*What is expected:*
Pictures are to be omitted, and every entry below is to be restated exactly.

*Records:*

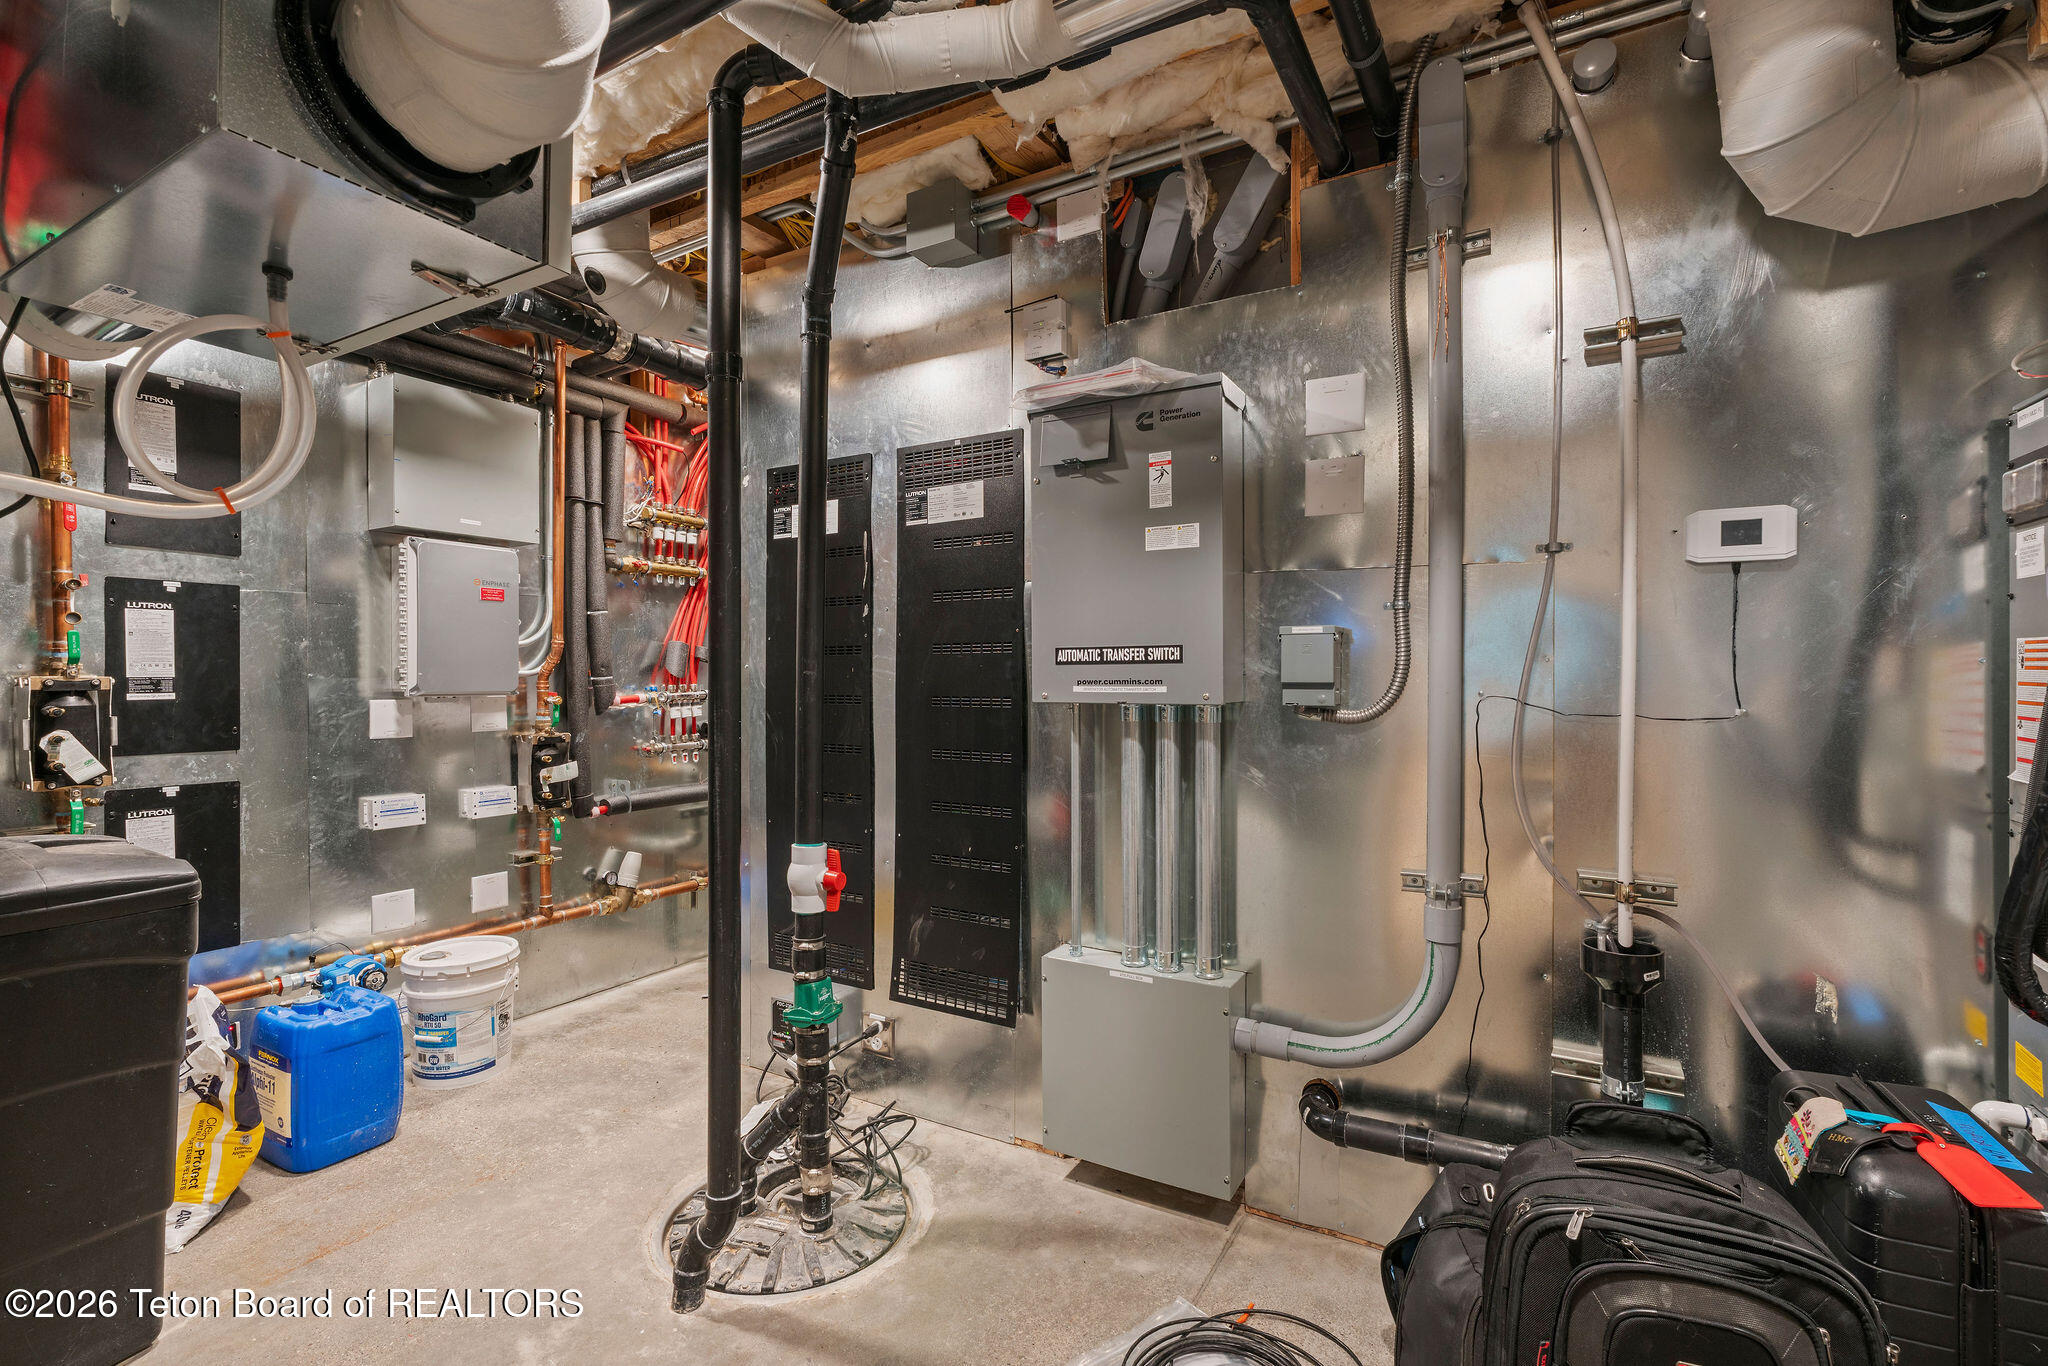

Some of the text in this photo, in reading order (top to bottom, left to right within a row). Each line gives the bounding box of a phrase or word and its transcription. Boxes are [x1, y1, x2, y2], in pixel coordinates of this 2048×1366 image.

[135, 393, 174, 406] UTRON
[1159, 406, 1183, 415] Power
[1159, 411, 1201, 422] Generation
[127, 601, 173, 610] LUTRON
[1057, 647, 1180, 663] AUTOMATIC TRANSFER SWITCH
[1076, 678, 1163, 687] power.cummins.com
[128, 808, 174, 819] LUTRON
[417, 1013, 447, 1022] RhoGard
[258, 1050, 279, 1064] FERNOX
[1827, 1133, 1853, 1144] HMC
[188, 1148, 205, 1190] Protect

*Answer box:*
Some of the text in this photo, in reading order (top to bottom, left to right within a row). Each line gives the bounding box of a phrase or word and its transcription. Boxes are [x1, y1, x2, y2], in pixel coordinates of this 2048×1366 image.

[135, 393, 174, 406] UTRON
[1159, 406, 1183, 415] Power
[1159, 411, 1201, 422] Generation
[127, 601, 173, 610] LUTRON
[1057, 647, 1180, 663] AUTOMATIC TRANSFER SWITCH
[1076, 678, 1163, 687] power.cummins.com
[128, 808, 174, 819] LUTRON
[417, 1013, 447, 1022] RhoGard
[258, 1050, 279, 1064] FERNOX
[1827, 1133, 1853, 1144] HMC
[188, 1148, 205, 1190] Protect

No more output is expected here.